Another example of ongoing racial prejudice in America? Perhaps. But the most startling thing about this scene from ABC News' Black in White America (9 p.m., Ch. 4) is the ethnic background of the little girl who thinks white is beautiful.

She is black.

"I participated in one of those experiments when I was a little girl in Chicago in 1946," reporter Carole Simpson told TV critics in Los Angeles last month. "We were asked to choose a pretty doll, and there was a black doll and a white doll. And of course I picked the white doll. I'd never seen a black doll before.

"We've had many years of black dolls since then, and yet these children in Atlanta in 1989 are still saying that the pretty girl is the white girl and the dirty boy is the black boy."

Says Dr. Margaret Spencer, the researcher who conducts the Atlanta tests: "It means for me that we have not come very far as a people."

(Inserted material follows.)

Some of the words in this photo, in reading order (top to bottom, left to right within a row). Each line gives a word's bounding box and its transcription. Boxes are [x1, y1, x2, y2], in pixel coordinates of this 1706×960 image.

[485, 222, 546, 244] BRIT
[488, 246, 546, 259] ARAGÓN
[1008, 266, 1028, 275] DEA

That's the general tone of "Black in White America." Produced and presented almost exclusively by black members of the ABC News staff, this powerful hourlong special refuses to waste much time or energy documenting white bigotry. Instead it chooses to focus on blacks and the way many of their own attitudes and expectations work against them.

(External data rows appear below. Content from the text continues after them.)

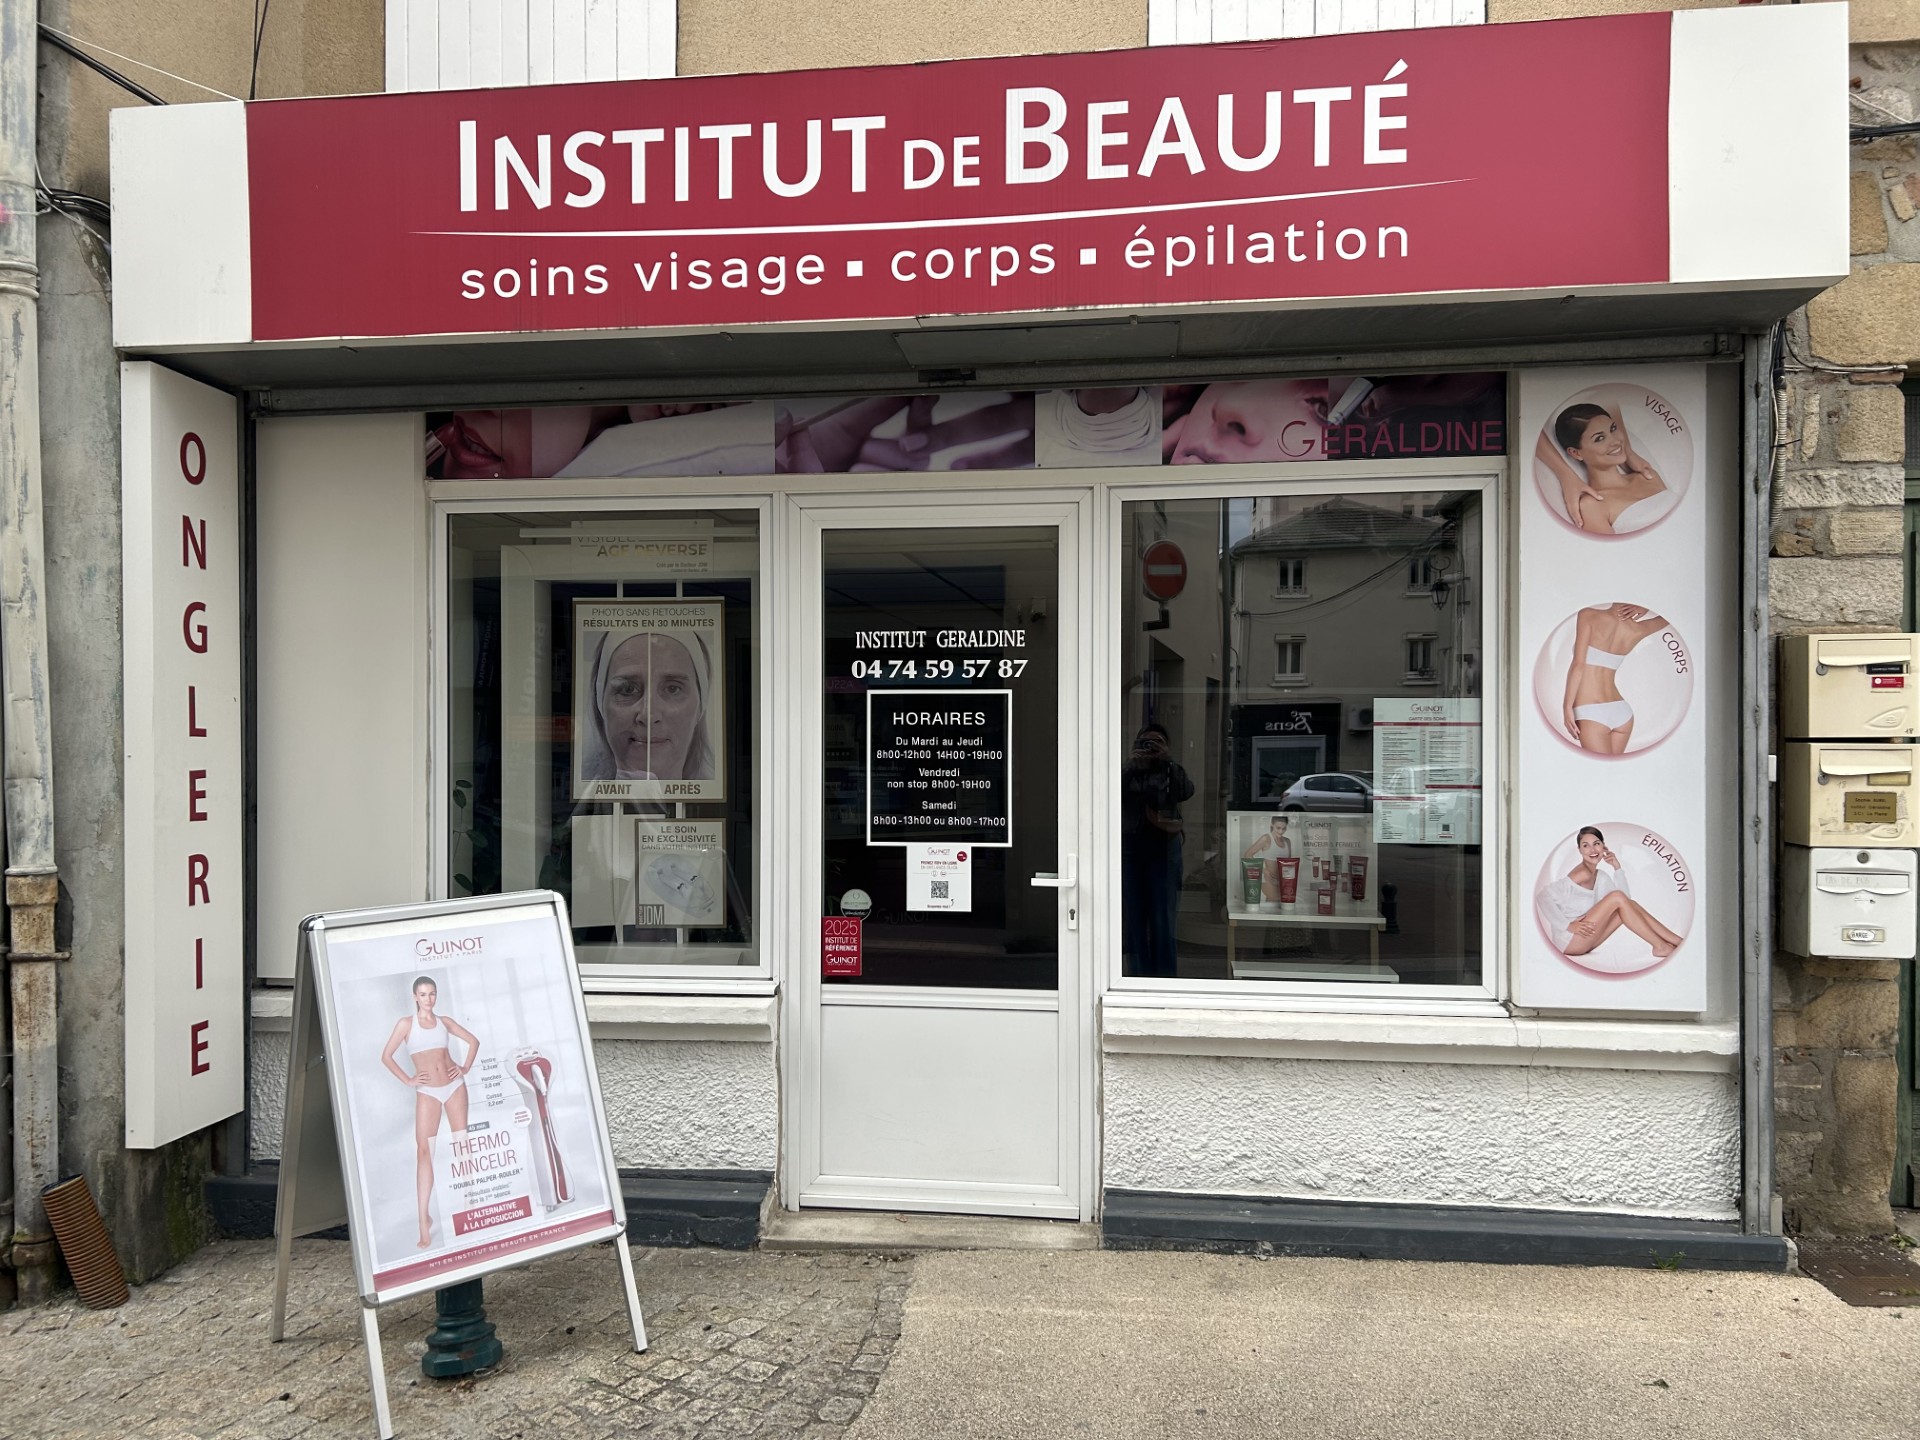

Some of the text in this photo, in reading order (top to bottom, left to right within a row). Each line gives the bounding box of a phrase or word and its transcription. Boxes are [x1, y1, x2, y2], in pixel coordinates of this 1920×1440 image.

[459, 58, 1409, 212] INSTITUT DE BEAUTÉ
[460, 219, 1409, 300] soins visage corps épilation
[1644, 395, 1683, 435] VISAGE
[1276, 420, 1503, 457] GERALDINE
[592, 608, 706, 616] PHOTO SANS RETOUCHES
[583, 618, 638, 627] RÉSULTATS
[658, 619, 668, 627] 30
[671, 619, 714, 627] MINUTES
[855, 630, 1026, 649] INSTITUT GERALDINE
[1662, 632, 1688, 674] CORPS
[851, 659, 1029, 679] 04 74 59 57 87
[893, 712, 986, 726] HORAIRES
[896, 737, 908, 746] Du
[912, 736, 939, 746] Mardi
[957, 736, 983, 746] Jeudi
[179, 431, 211, 1077] ONGLERIE
[876, 750, 931, 759] 8h00-12h00
[918, 768, 960, 777] Vendredi
[595, 782, 701, 794] AVANT APRÈS
[908, 780, 928, 790] stop
[922, 801, 957, 810] Samedi
[657, 834, 716, 842] EXCLUSIVITÉ
[660, 826, 697, 834] LE SOIN
[1641, 834, 1689, 892] ÉPILATION
[644, 905, 664, 925] JDM
[825, 920, 858, 936] 2025
[415, 936, 484, 957] GUINOT
[825, 944, 858, 952] RÉFÉRENCE
[826, 954, 858, 964] GUINOT
[449, 1130, 511, 1158] THERMO
[451, 1150, 517, 1179] MINCEUR
[463, 1209, 524, 1231] À LA LIPOSUCCION
[467, 1201, 518, 1220] L'ALTERNATIVE
[455, 1248, 487, 1261] INSTITUT
[540, 1226, 567, 1238] FRANCE

"There are some thing that will be covered in this documentary that black people don't want to hear," said George Strait, who joined Simpson for the special and for the L.A. press conference.

"We don't want to hear about how we discriminate against each other on color," said executive producer Ray Nunn. "We don't want to hear a black Republican telling us, `Hey guys, wake up. If it's on your back it's not in a bank.'

"We may not want to hear these things. But it's about time that we did."

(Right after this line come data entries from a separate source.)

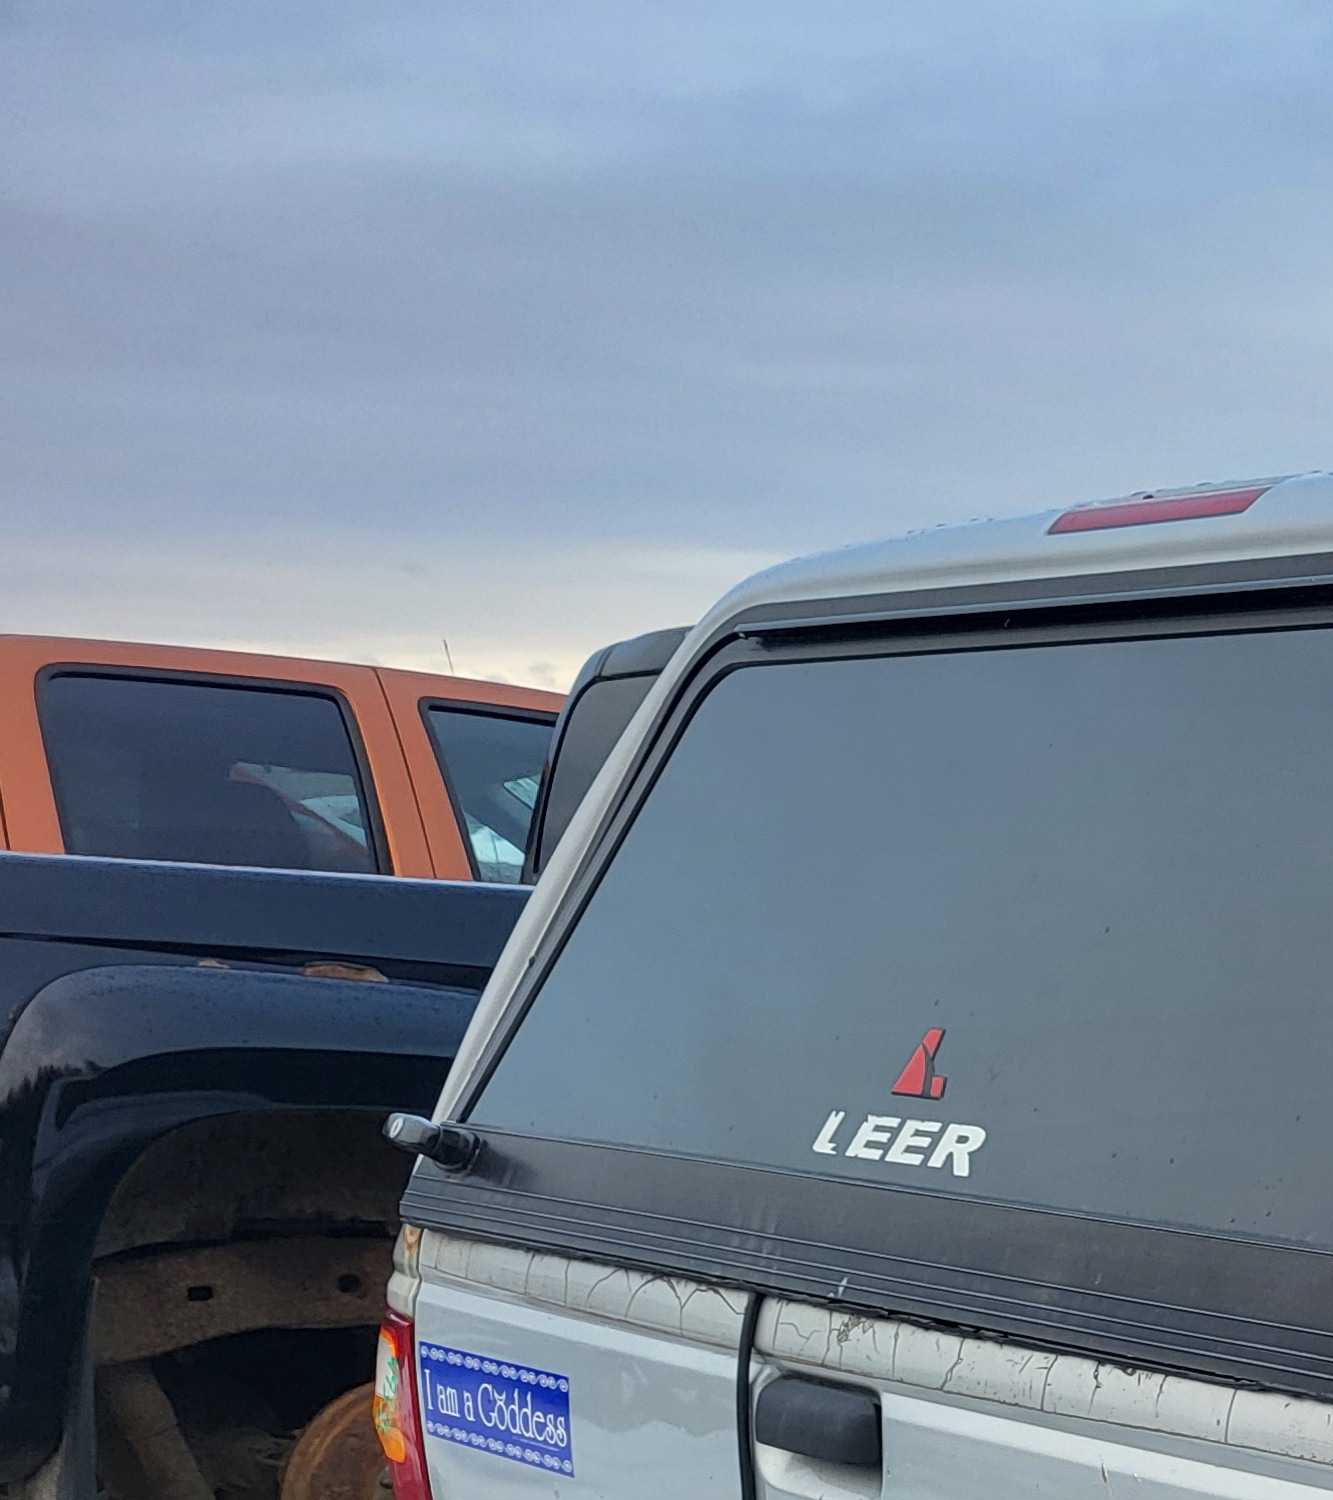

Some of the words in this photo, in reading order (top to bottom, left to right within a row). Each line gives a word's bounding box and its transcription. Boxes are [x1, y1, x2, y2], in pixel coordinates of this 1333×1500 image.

[812, 1110, 986, 1177] LEER
[424, 1368, 434, 1410] I
[436, 1384, 460, 1417] am
[463, 1390, 476, 1422] a
[477, 1383, 568, 1448] Goddess

Which is not to say that the subject of white discrimination doesn't come up during the telecast. "When you're black in white America," Simpson says early in the special, "the top has a ceiling and the bottom has no floor."

But for the most part Simpson, Strait and Charles Thomas aim their reporting on the black community itself - an upper-middle-class family in San Diego, a welfare family in Chicago, a Top Gun fighter pilot in Alabama, a successful Maryland businessman and a host of black scholars and social scientists.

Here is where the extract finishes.